My error (embarrassing typo: "iso-8859-1", not "iso-8869-1"). Apologies for the
inaccurate post.

> If the submission is in Shift-JIS, some of the Latin1 8-bit
> characters get remapped to the "nearest" us-ascii, unaccented character.
> Honestly I don't know whether it would be better to always and consistently
> retain the true Latin1 character in &#nnnnn; notation. I personally tend in
> your direction, better retain the original values.
> I am willing to hear other opinions on this.
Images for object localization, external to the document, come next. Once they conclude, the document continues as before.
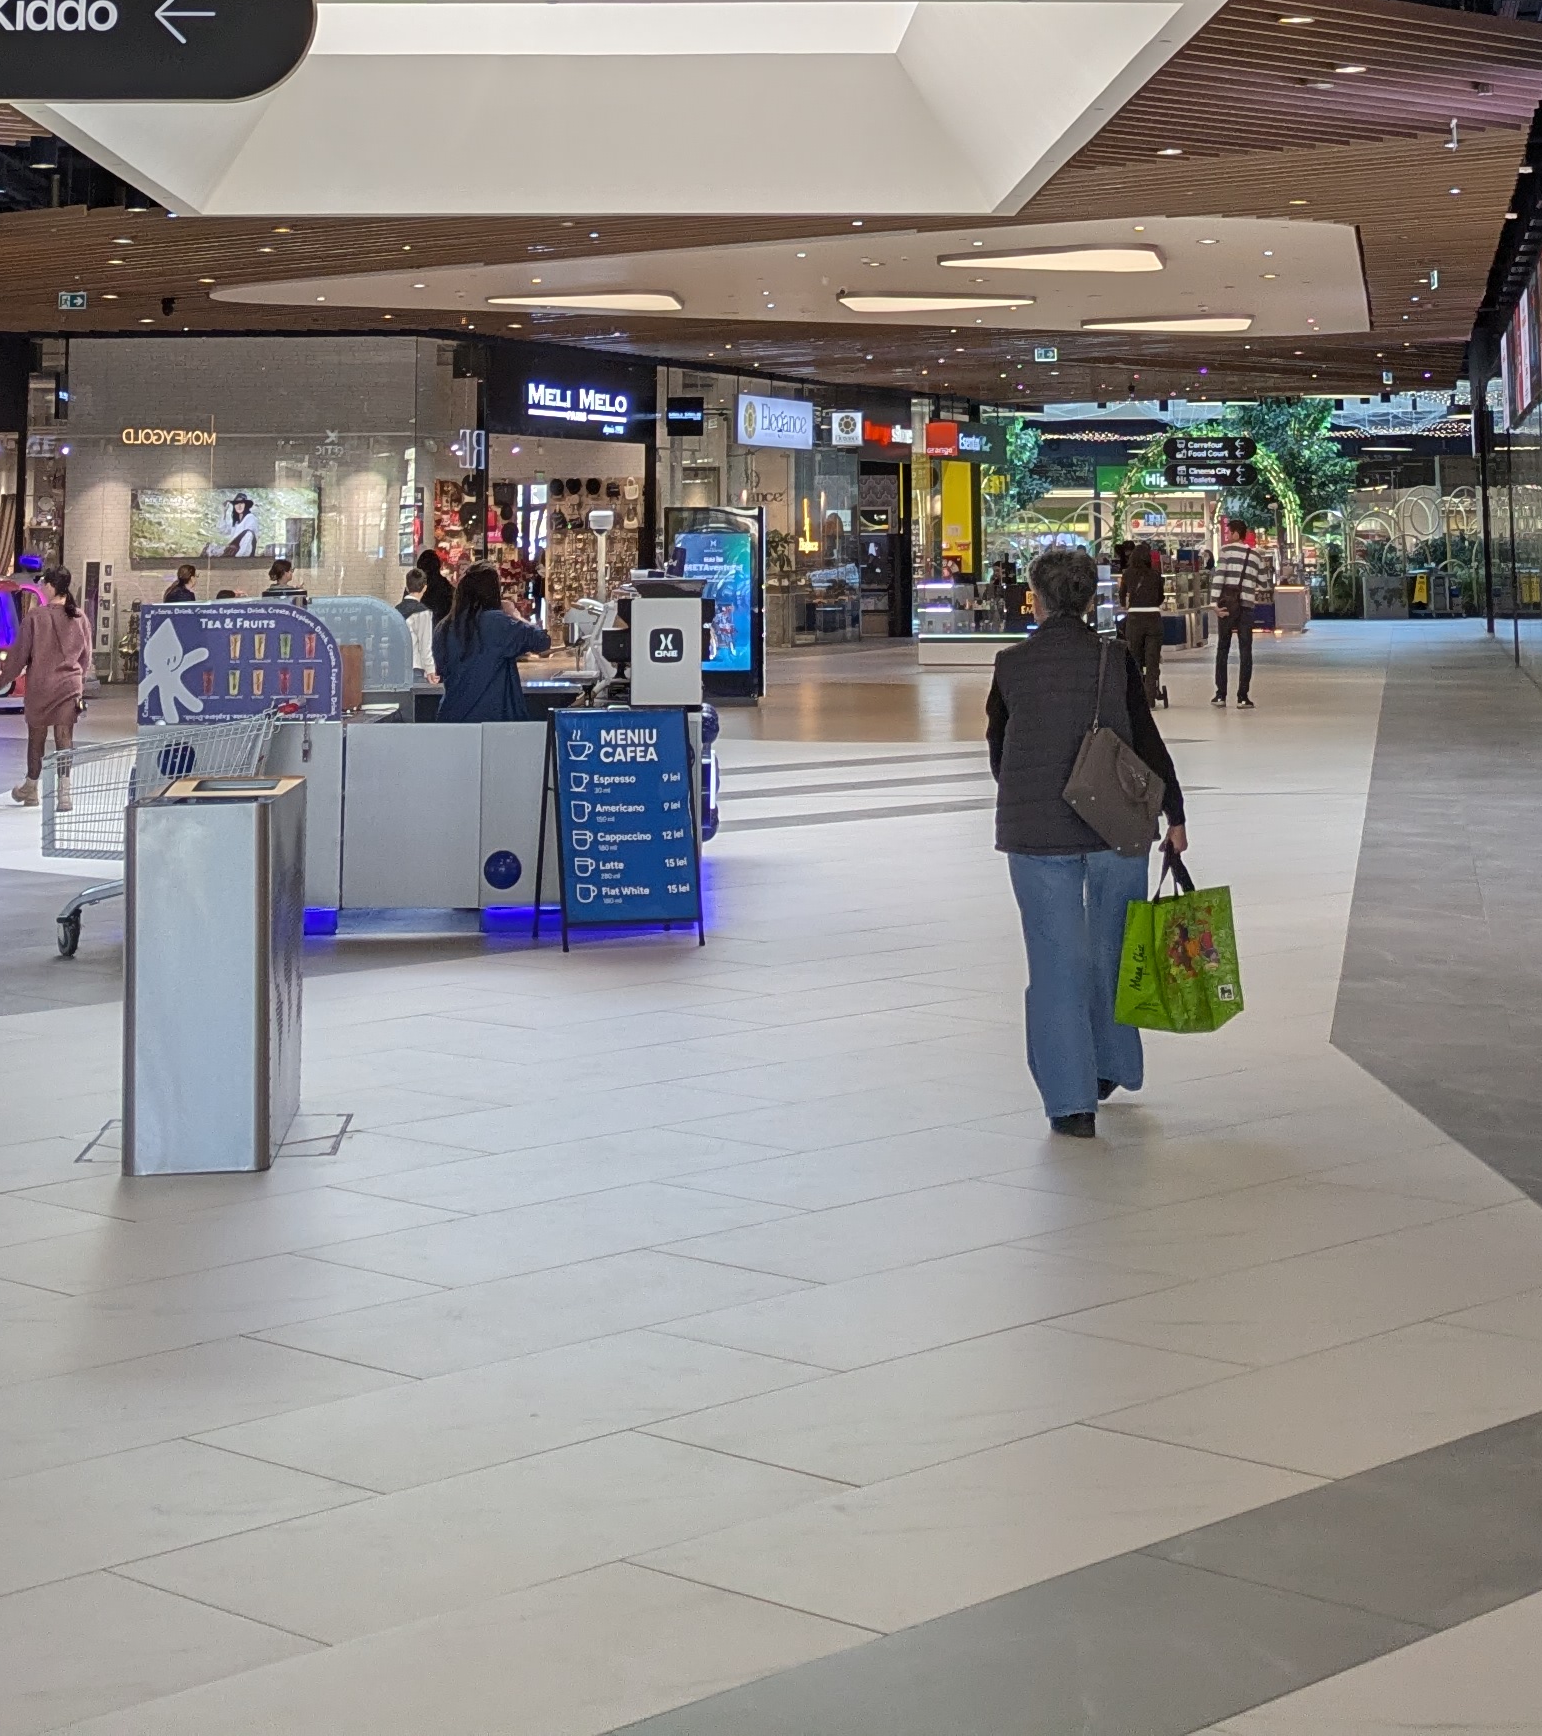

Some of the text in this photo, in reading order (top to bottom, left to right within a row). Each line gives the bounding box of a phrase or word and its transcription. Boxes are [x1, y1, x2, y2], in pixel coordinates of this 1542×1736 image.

[528, 383, 627, 413] MELI MELO
[761, 403, 807, 439] Elegance
[199, 618, 276, 629] TEA & FRUITS
[654, 649, 678, 658] ONE
[600, 728, 657, 745] MENIU
[599, 746, 658, 763] CAFEA
[593, 772, 681, 786] Espresso 9 lei
[595, 801, 681, 813] Americano 9 lei
[597, 829, 684, 843] Cappuccino 12 lei
[599, 857, 688, 870] Latte 15 lei
[601, 883, 690, 896] Flat White 15 lei
Parsers (like ours) that use the accented characters to autoconvert latin to
kana won't be able to use the accented "aeiou" to specify long vowels in
Japanese (although the romanization is actually ambiguous, it's easier to read
phonetic kana than it is to read romaji for Japanese), although it could use the
Latin-A macroned vowels, with are used in Hepburn-style romanized Japanese...
although many more systems support Latin-1 as opposed to the Latin-A characters.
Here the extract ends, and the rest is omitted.